### Work item
Exclude the pictures and transcribe the rest of the data below exactly.

Saved entries
———
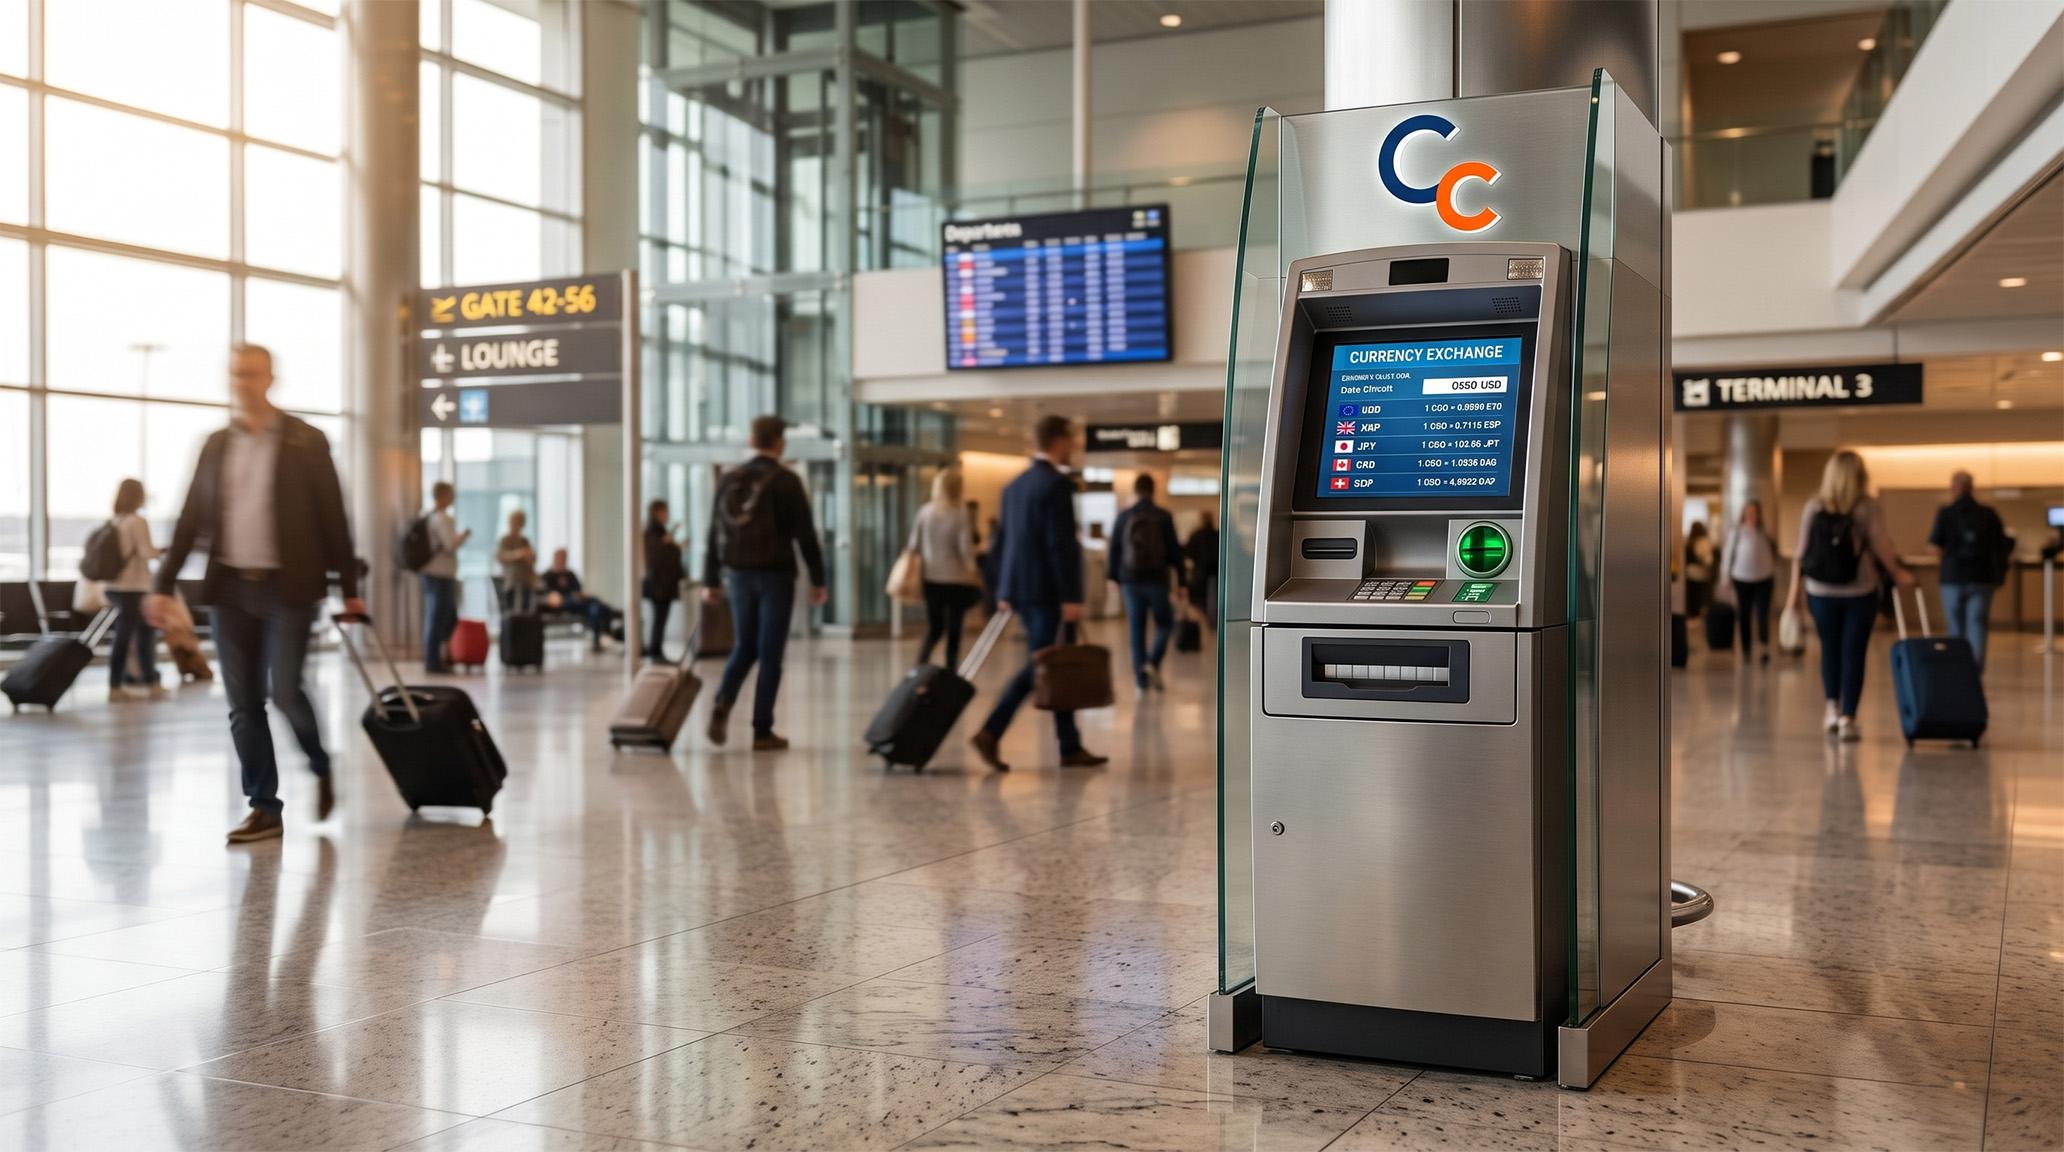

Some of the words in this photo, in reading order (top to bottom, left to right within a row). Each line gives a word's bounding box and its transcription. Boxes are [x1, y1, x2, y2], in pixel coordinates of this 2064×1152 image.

[461, 290, 523, 320] GATE
[526, 284, 597, 316] 42-56
[461, 339, 559, 371] LOUNGE
[1349, 348, 1423, 364] CURRENCY
[1427, 345, 1504, 361] EXCHANGE
[1341, 386, 1361, 394] Date
[1480, 380, 1502, 390] USD
[1716, 374, 1850, 403] TERMINAL
[1854, 373, 1873, 398] 3
[1483, 420, 1501, 429] ESP
[1353, 479, 1374, 487] SDP
———
### Reply to the exercise
Some of the words in this photo, in reading order (top to bottom, left to right within a row). Each line gives a word's bounding box and its transcription. Boxes are [x1, y1, x2, y2], in pixel coordinates of this 2064×1152 image.

[461, 290, 523, 320] GATE
[526, 284, 597, 316] 42-56
[461, 339, 559, 371] LOUNGE
[1349, 348, 1423, 364] CURRENCY
[1427, 345, 1504, 361] EXCHANGE
[1341, 386, 1361, 394] Date
[1480, 380, 1502, 390] USD
[1716, 374, 1850, 403] TERMINAL
[1854, 373, 1873, 398] 3
[1483, 420, 1501, 429] ESP
[1353, 479, 1374, 487] SDP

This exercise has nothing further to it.